Bohemia, like neighboring Bavaria, is named after the Boii, a large Celtic nation known to the Romans for their migrations and settlement in northern Italy and other places. Another part of the nation moved west with the Helvetii into southern France, one of the events leading to the interventions of Julius Caesar's Gaulish campaign of 58 BC. The emigration of the Helvetii and Boii left southern Germany and Bohemia a lightly inhabited "desert" into which Suebic peoples arrived, speaking Germanic languages, and became dominant over remaining Celtic groups. To the south, over the Danube, the Romans extended their empire, and to the southeast, in present-day Hungary, were Dacian peoples.

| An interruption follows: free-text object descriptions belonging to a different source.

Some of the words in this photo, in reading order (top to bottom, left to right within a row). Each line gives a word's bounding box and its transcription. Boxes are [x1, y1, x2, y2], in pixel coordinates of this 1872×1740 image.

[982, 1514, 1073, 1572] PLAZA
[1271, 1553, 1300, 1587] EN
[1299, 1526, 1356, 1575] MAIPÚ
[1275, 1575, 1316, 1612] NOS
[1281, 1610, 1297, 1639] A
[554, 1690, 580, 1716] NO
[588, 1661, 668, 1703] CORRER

In the area of modern Bohemia, the Marcomanni and other Suebic groups were led by their king, Marobodus, after being defeated by Roman forces in Germany. He took advantage of the natural defenses provided by its mountains and forests. They were able to maintain a strong alliance with neighboring tribes, including (at different times) the Lugii, Quadi, Hermunduri, Semnones, and Buri, which was sometimes partly controlled by the Roman Empire and sometimes in conflict with it; for example, in the second century, they fought Marcus Aurelius.

In late classical times and the early Middle Ages, two new Suebic groupings appeared west of Bohemia in southern Germany, the Alemanni (in the Helvetian desert) and the Bavarians (Baiuvarii). Many Suebic tribes from the Bohemian region took part in such movements westward, settling as far away as Spain and Portugal. With them were also tribes who had pushed from the east, such as the Vandals and Alans.

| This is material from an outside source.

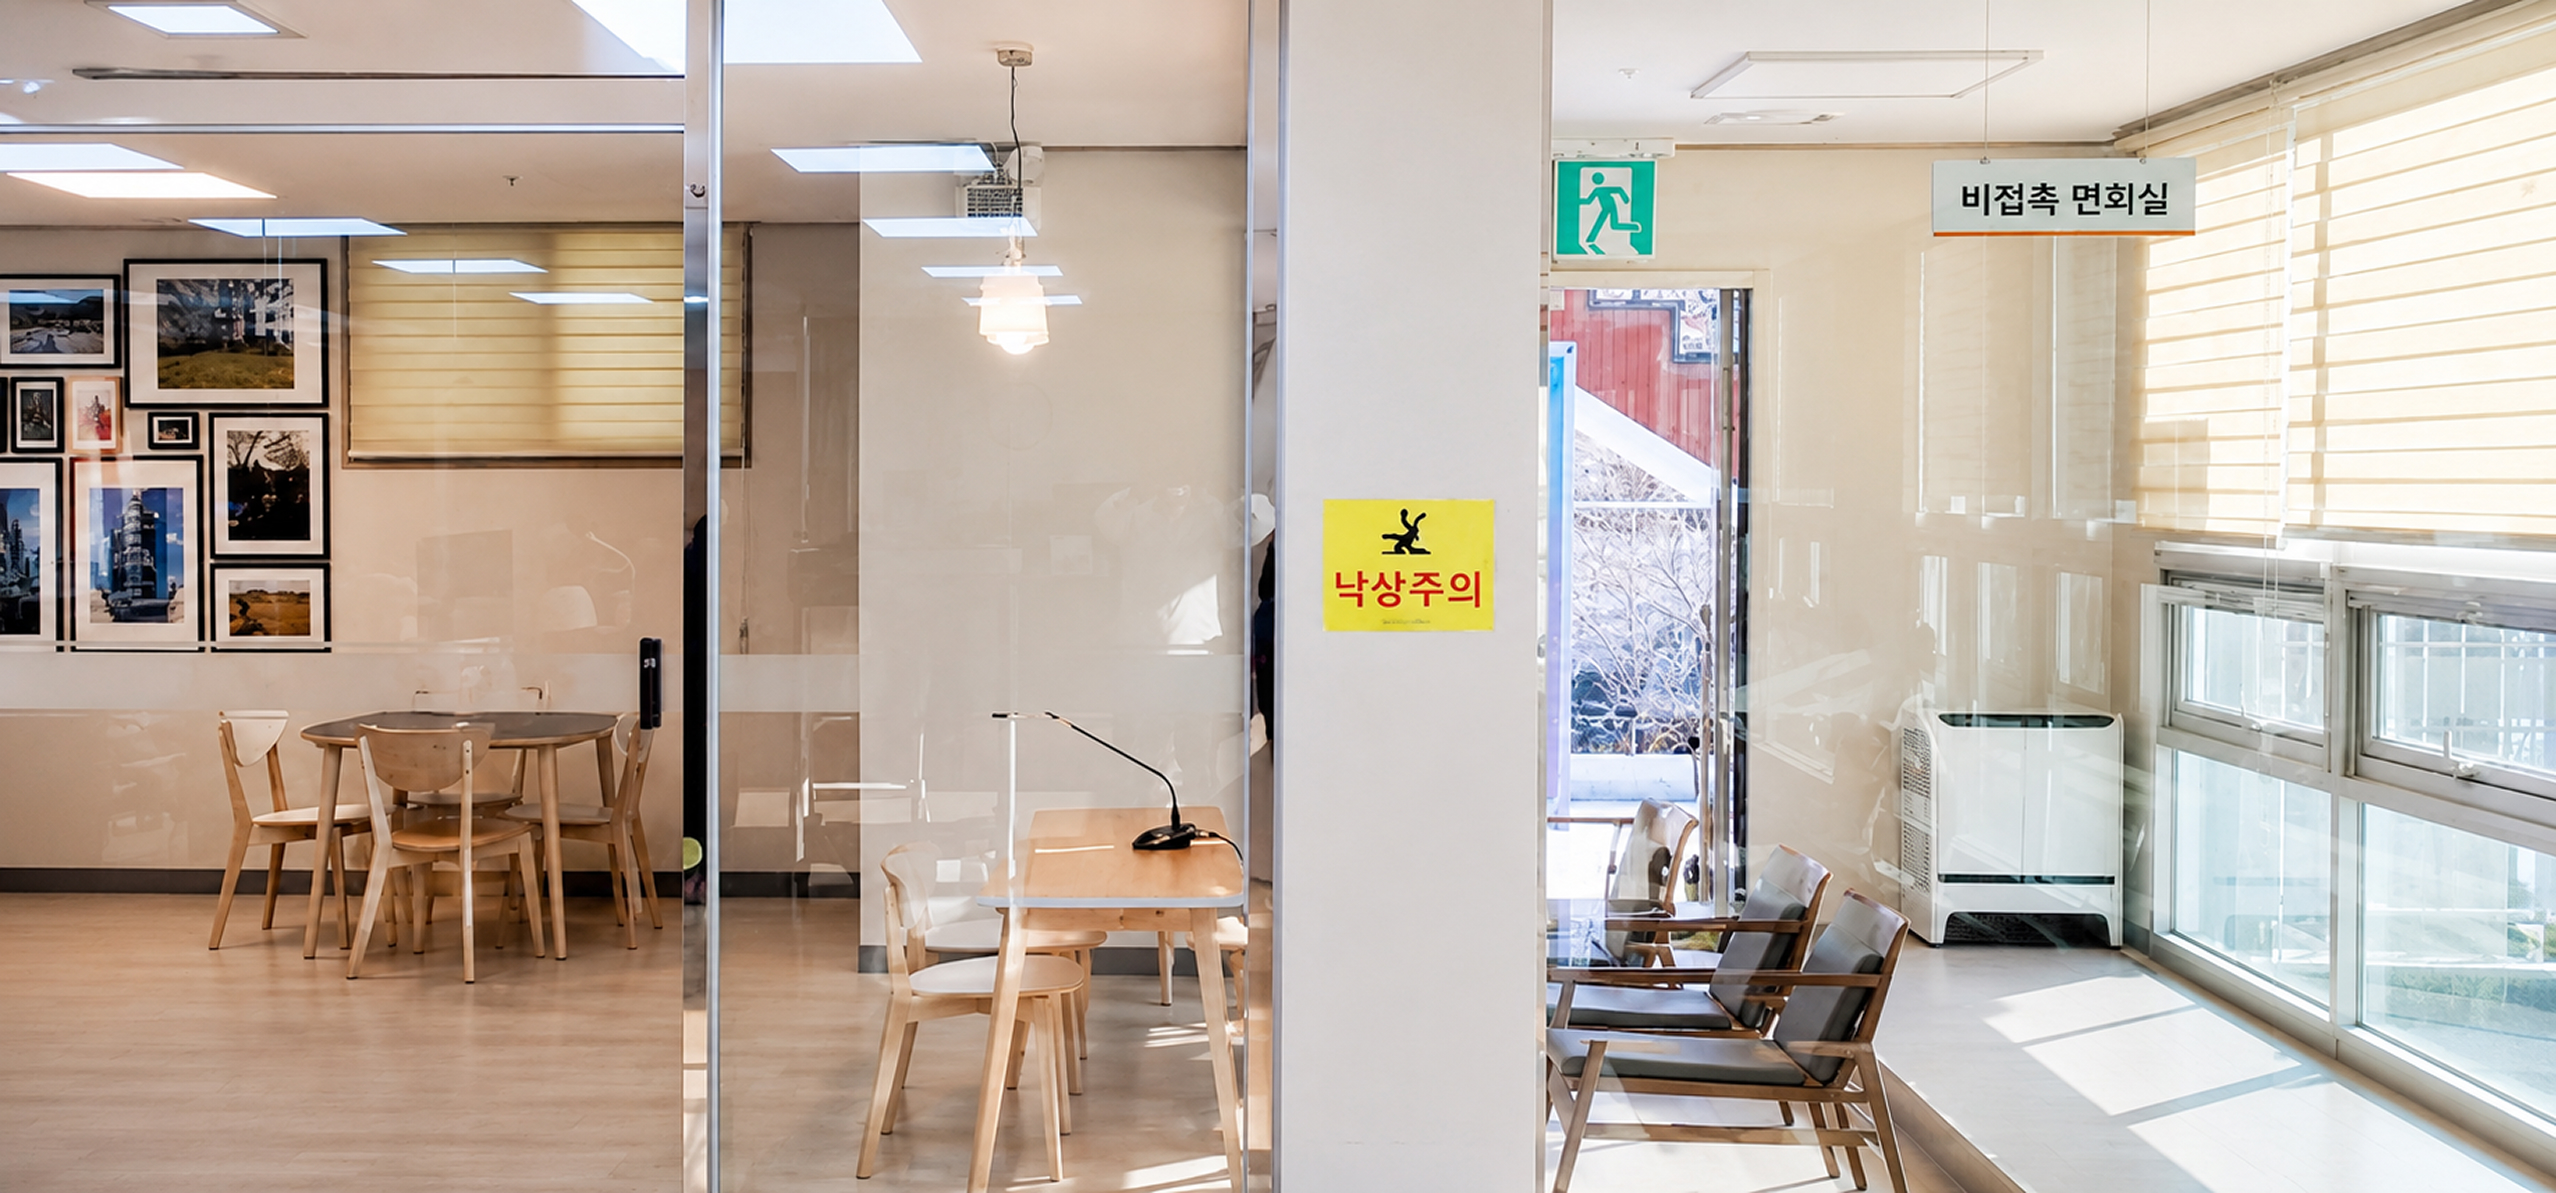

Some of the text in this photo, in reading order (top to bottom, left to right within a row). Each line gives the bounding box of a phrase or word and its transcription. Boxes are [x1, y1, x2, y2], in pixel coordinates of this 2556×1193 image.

[1961, 182, 2169, 217] 비접촉 면회실
[1335, 570, 1481, 608] 낙상주의

Other groups pushed southward toward Pannonia. The last known mention of the Kingdom of the Marcomanni, concerning a queen named Fritigil, is from the fourth century, and she was thought to have lived in or near Pannonia. The Suebian Langobardi, who moved over many generations from the Baltic Sea, via the Elbe and Pannonia to Italy, recorded in a tribal history a time spent in "Bainaib".

After the Migration Period, Bohemia was partially repopulated around the sixth century, and eventually Slavic tribes arrived from the east, and their language began to replace the older Germanic, Celtic, and Sarmatian ones. These are precursors of today's Czechs, but the exact amount of Slavic immigration and waves is a subject of debate, see Bohemians (tribe). The death of Samo's tribal confederation marked the end of the old "Slavonic" confederation, the second attempt to establish such a Slavonic union after Carantania in Carinthia.

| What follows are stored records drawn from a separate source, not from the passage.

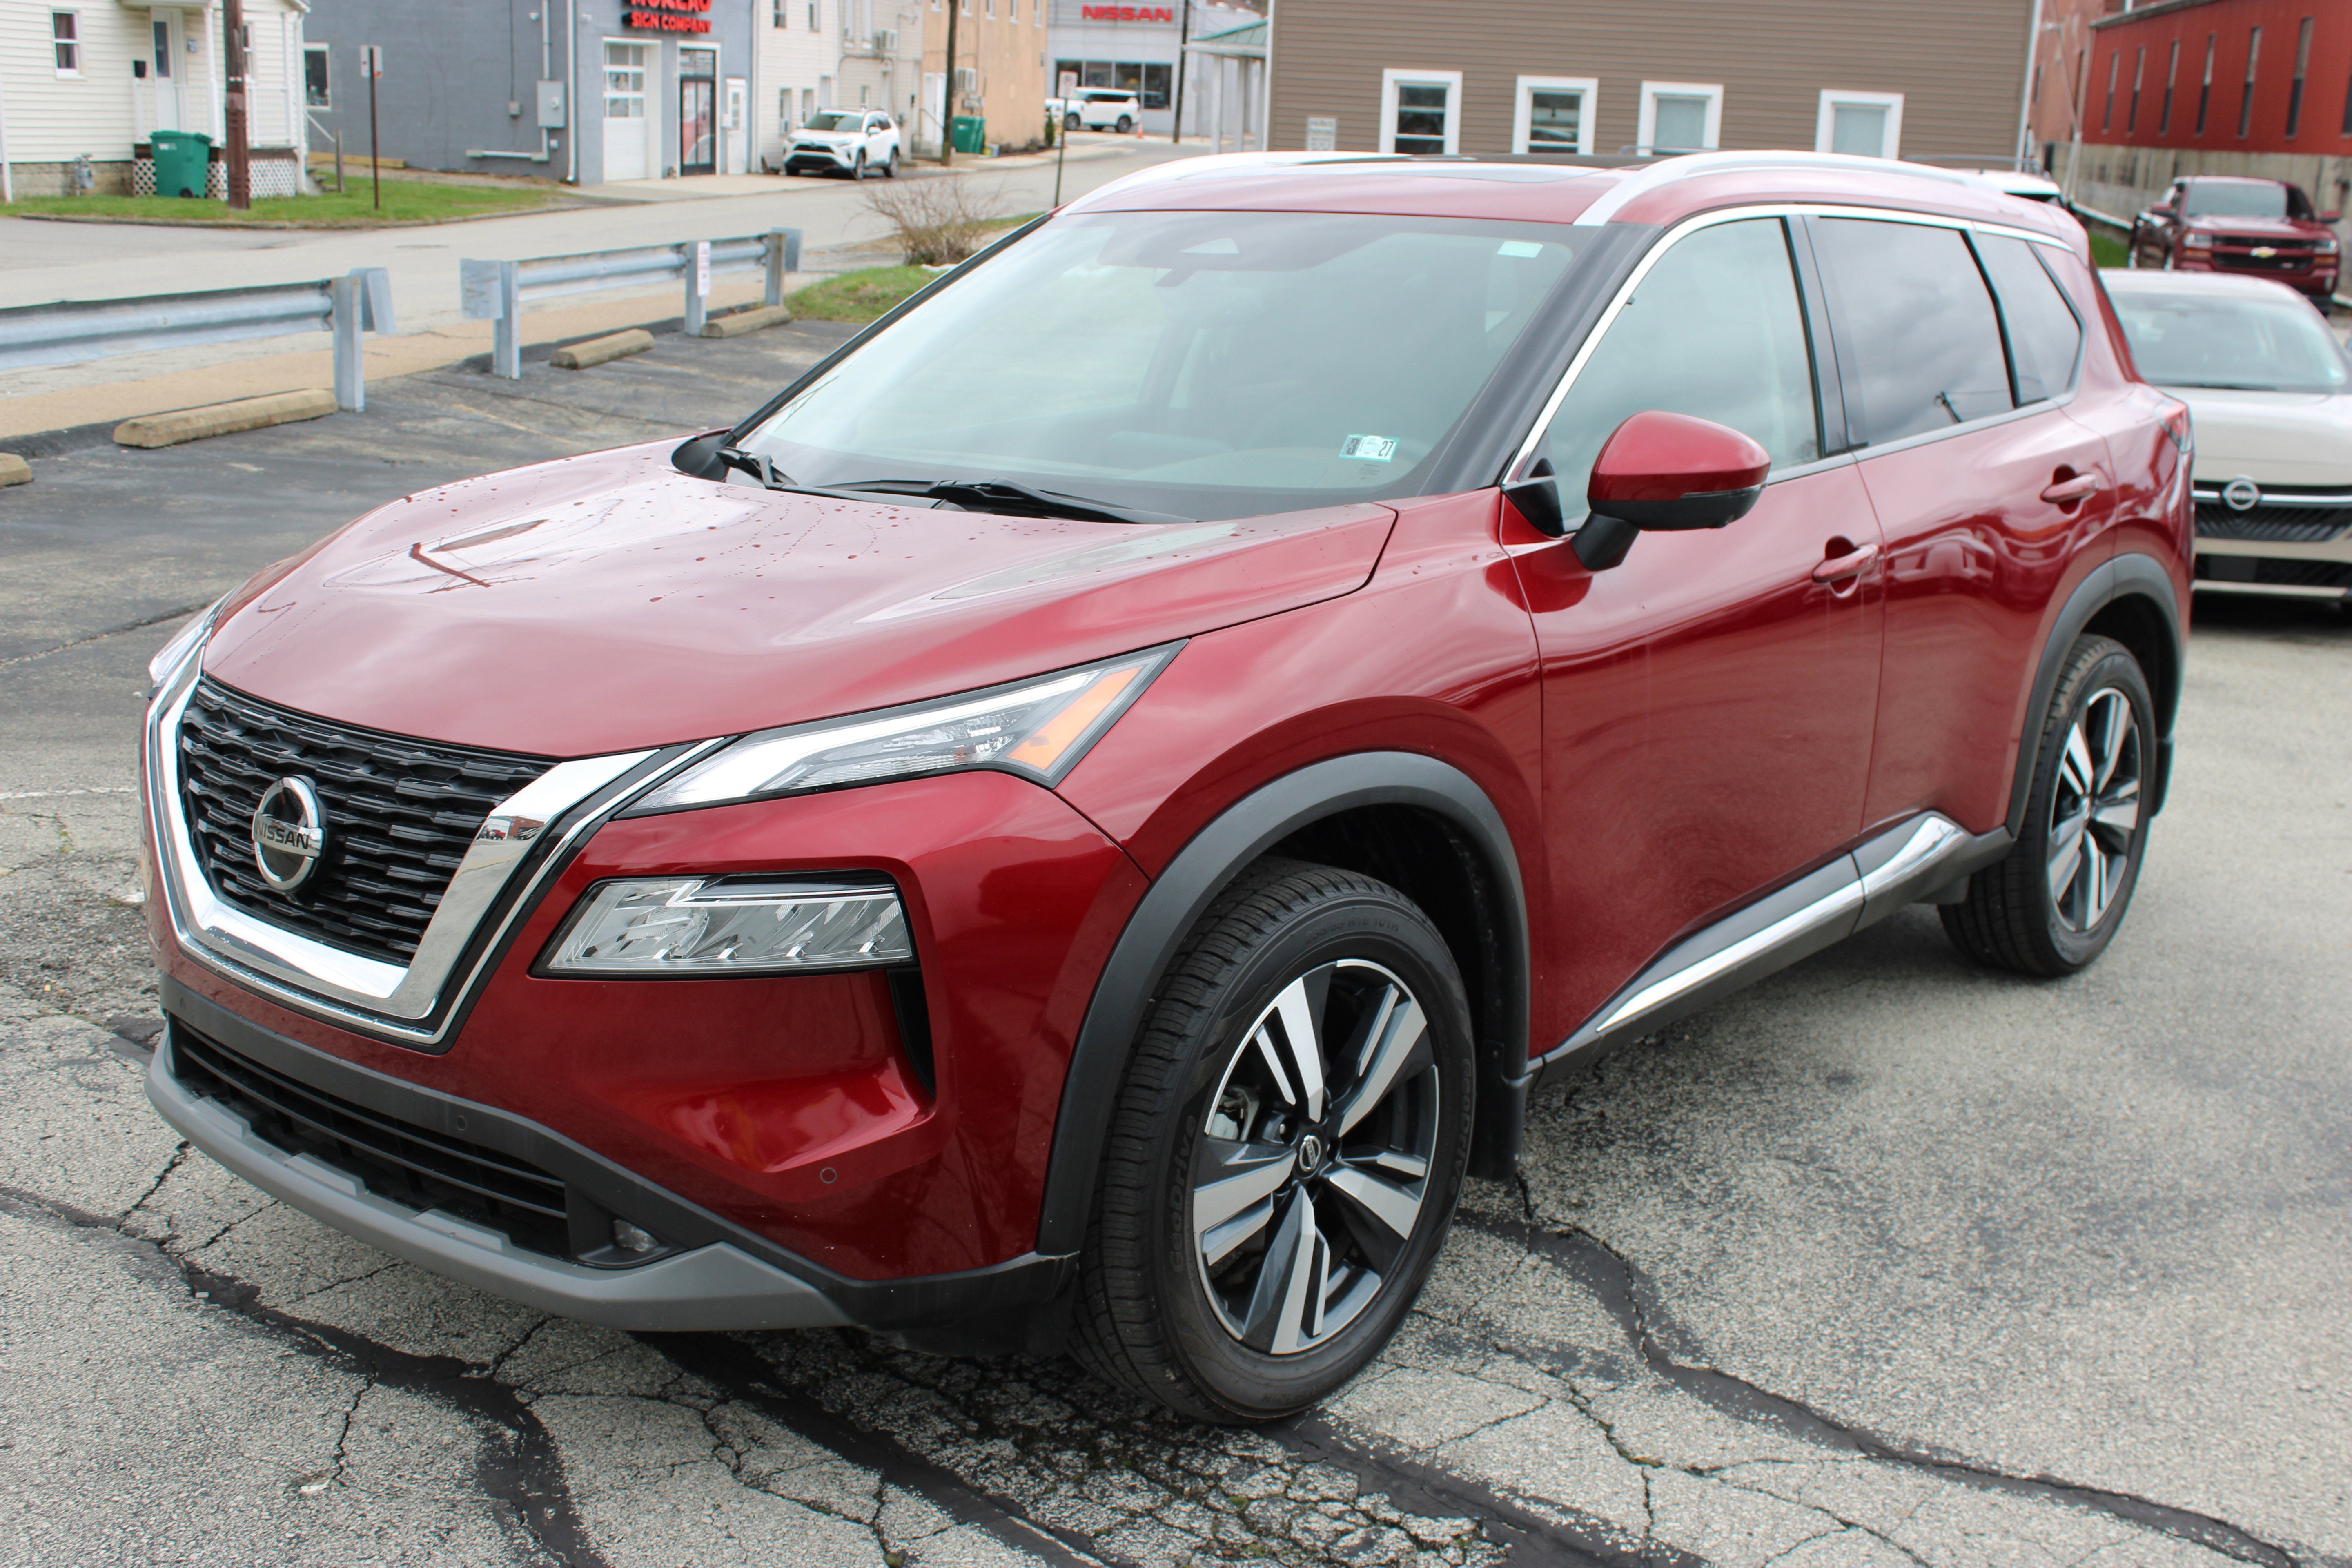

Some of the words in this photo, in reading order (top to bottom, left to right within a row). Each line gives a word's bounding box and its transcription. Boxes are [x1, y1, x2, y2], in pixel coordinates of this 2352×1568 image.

[631, 11, 659, 28] SIGN
[661, 14, 711, 33] COMPANY
[1082, 5, 1172, 22] NISSAN
[1378, 440, 1395, 457] 27
[256, 820, 310, 849] NISSAN
[1170, 1115, 1196, 1273] GeoDrive

The 9th century was crucial for Bohemia's future. The manorial system sharply declined, as it did in Bavaria. The influence of the central Fraganeo-Czechs grew, as a result of the important cultic center in their territory. They were Slavic-speaking and contributed to the transformation of diverse neighboring populations into a new nation named and led by them with a united "Slavic" ethnic consciousness. Christianity first appeared in the early 9th century, but became dominant only in the 10th or 11th century.

===Přemysl dynasty===

The coat of arms of the Přemyslid dynasty (until 1253–1262)

Bohemia was made a part of the early Slavic state of Great Moravia, under the rule of Svatopluk I (r. 870–894). After Svatopluk's death Great Moravia was weakened by years of internal conflict and constant warfare, ultimately collapsing and fragmenting because of continual incursions by invading nomadic Magyars. Bohemia's initial incorporation into the Moravian Empire resulted in the extensive Christianization of the population. A native monarchy arose, and Bohemia came under the rule of the Přemyslid dynasty, which ruled the Czech lands for several hundred years.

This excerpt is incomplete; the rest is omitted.